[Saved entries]
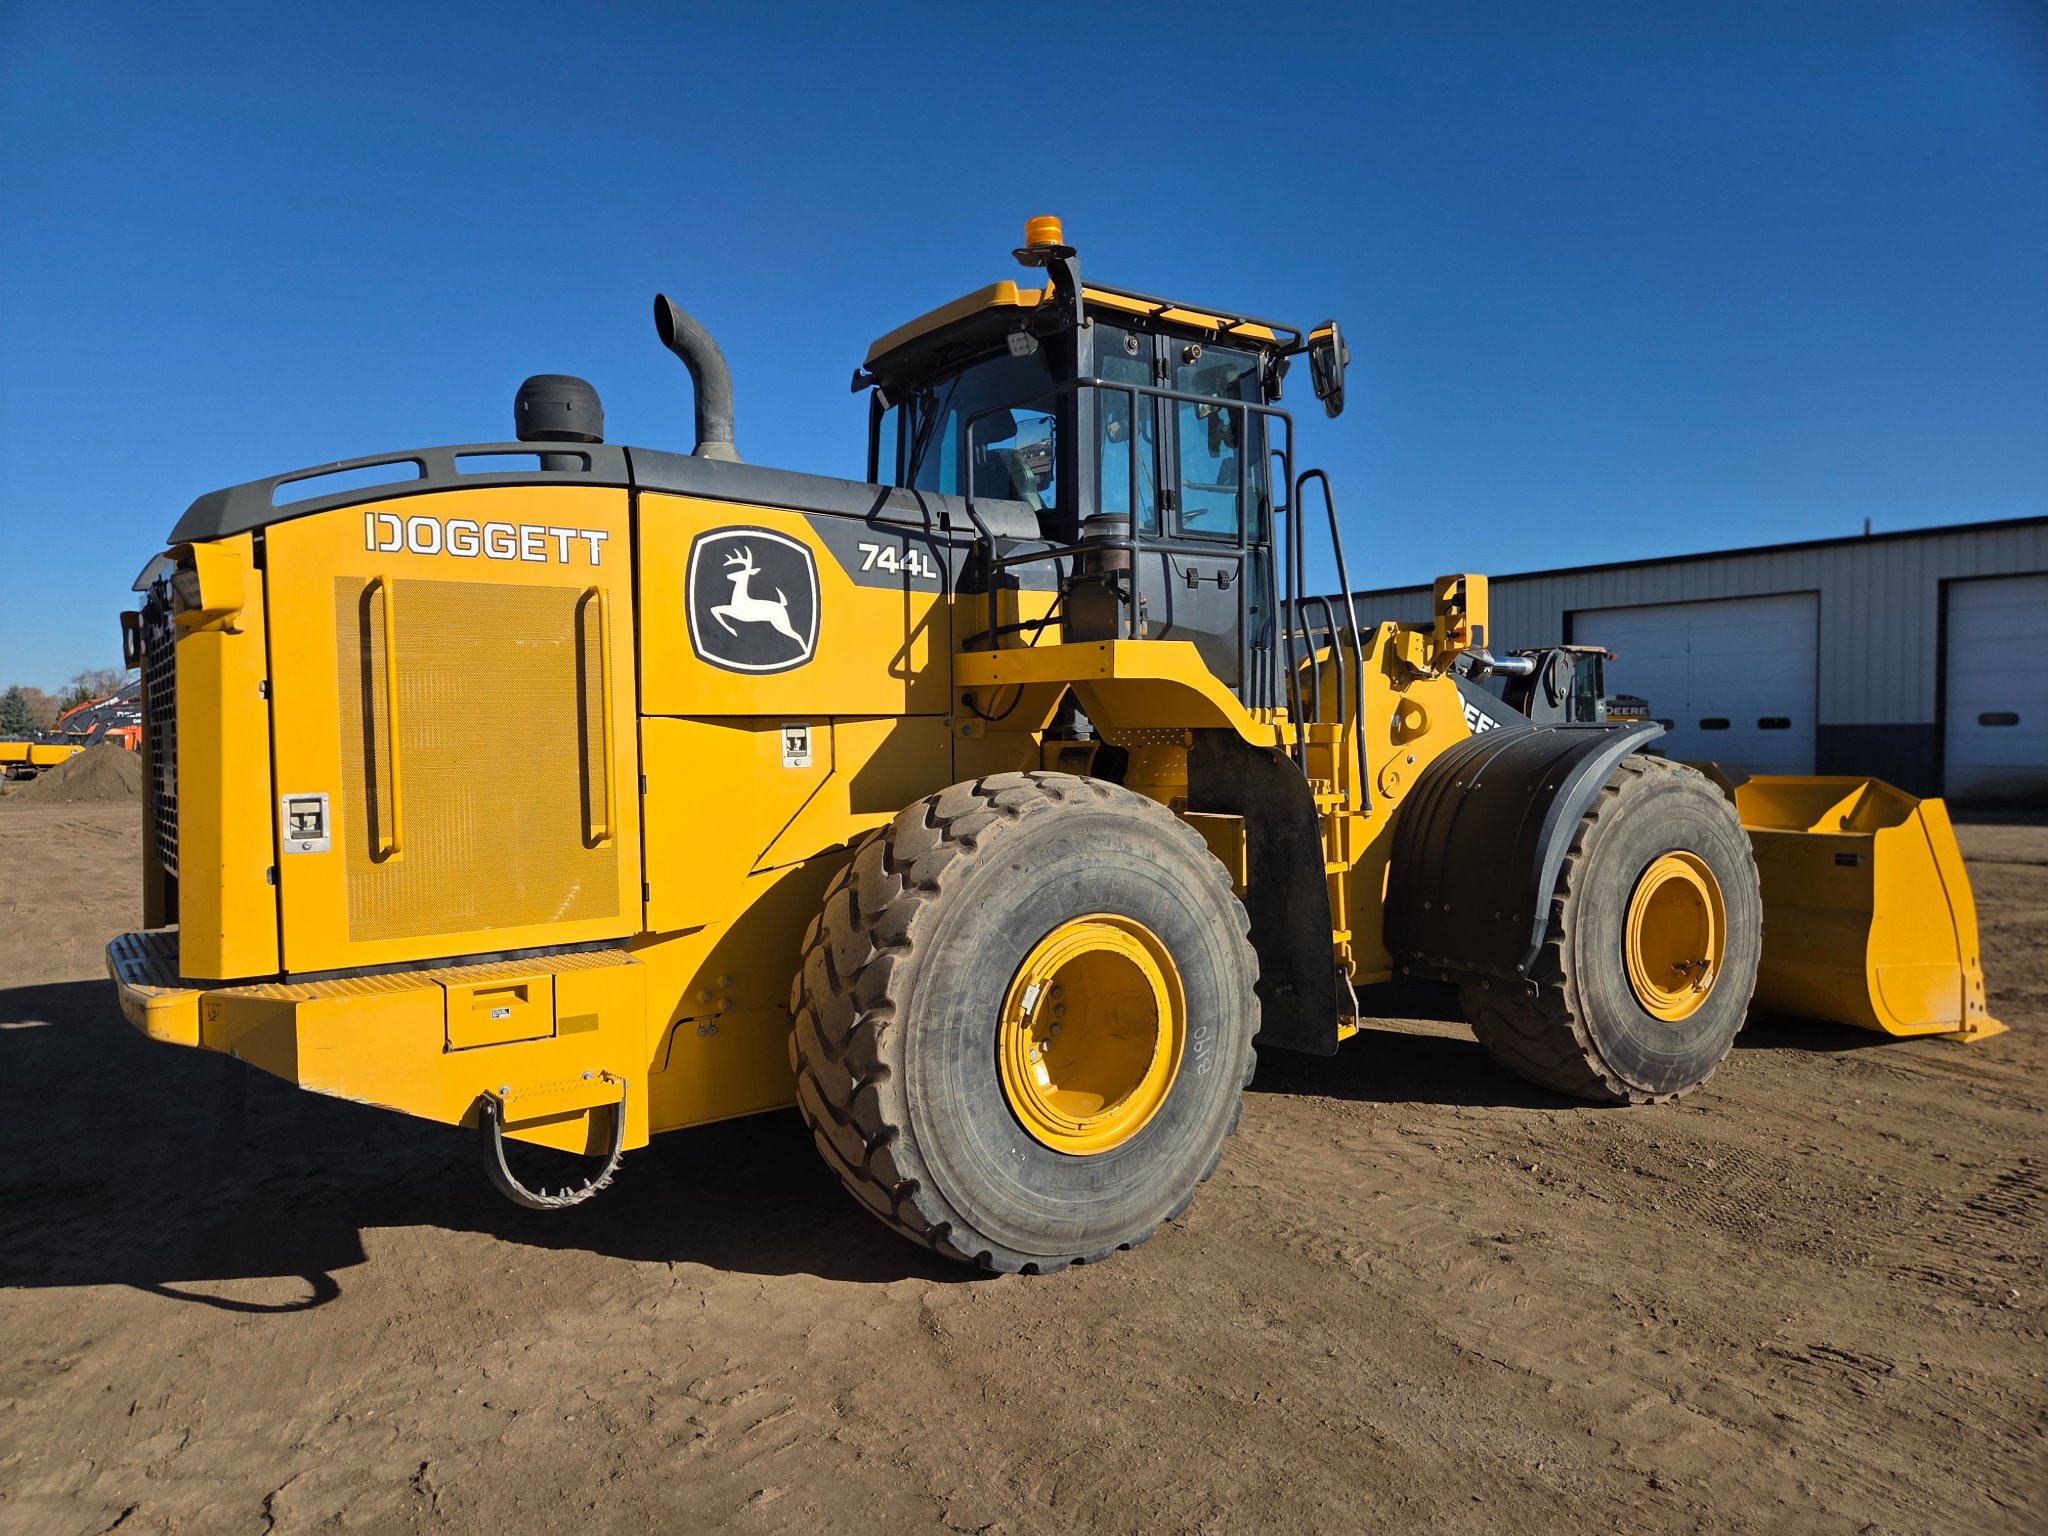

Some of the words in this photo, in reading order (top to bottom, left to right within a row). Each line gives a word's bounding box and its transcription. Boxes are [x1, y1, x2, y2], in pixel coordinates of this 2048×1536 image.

[364, 512, 609, 566] DOGGETT
[857, 541, 938, 579] 744L
[1457, 690, 1502, 734] EE
[1605, 706, 1648, 715] DEERE
[1194, 1026, 1211, 1076] B190

TASK OBJECTIVE =
Go through the entries above and output them exactly, without pictures.

WRITTEN RESPONSE =
Some of the words in this photo, in reading order (top to bottom, left to right within a row). Each line gives a word's bounding box and its transcription. Boxes are [x1, y1, x2, y2], in pixel coordinates of this 2048×1536 image.

[364, 512, 609, 566] DOGGETT
[857, 541, 938, 579] 744L
[1457, 690, 1502, 734] EE
[1605, 706, 1648, 715] DEERE
[1194, 1026, 1211, 1076] B190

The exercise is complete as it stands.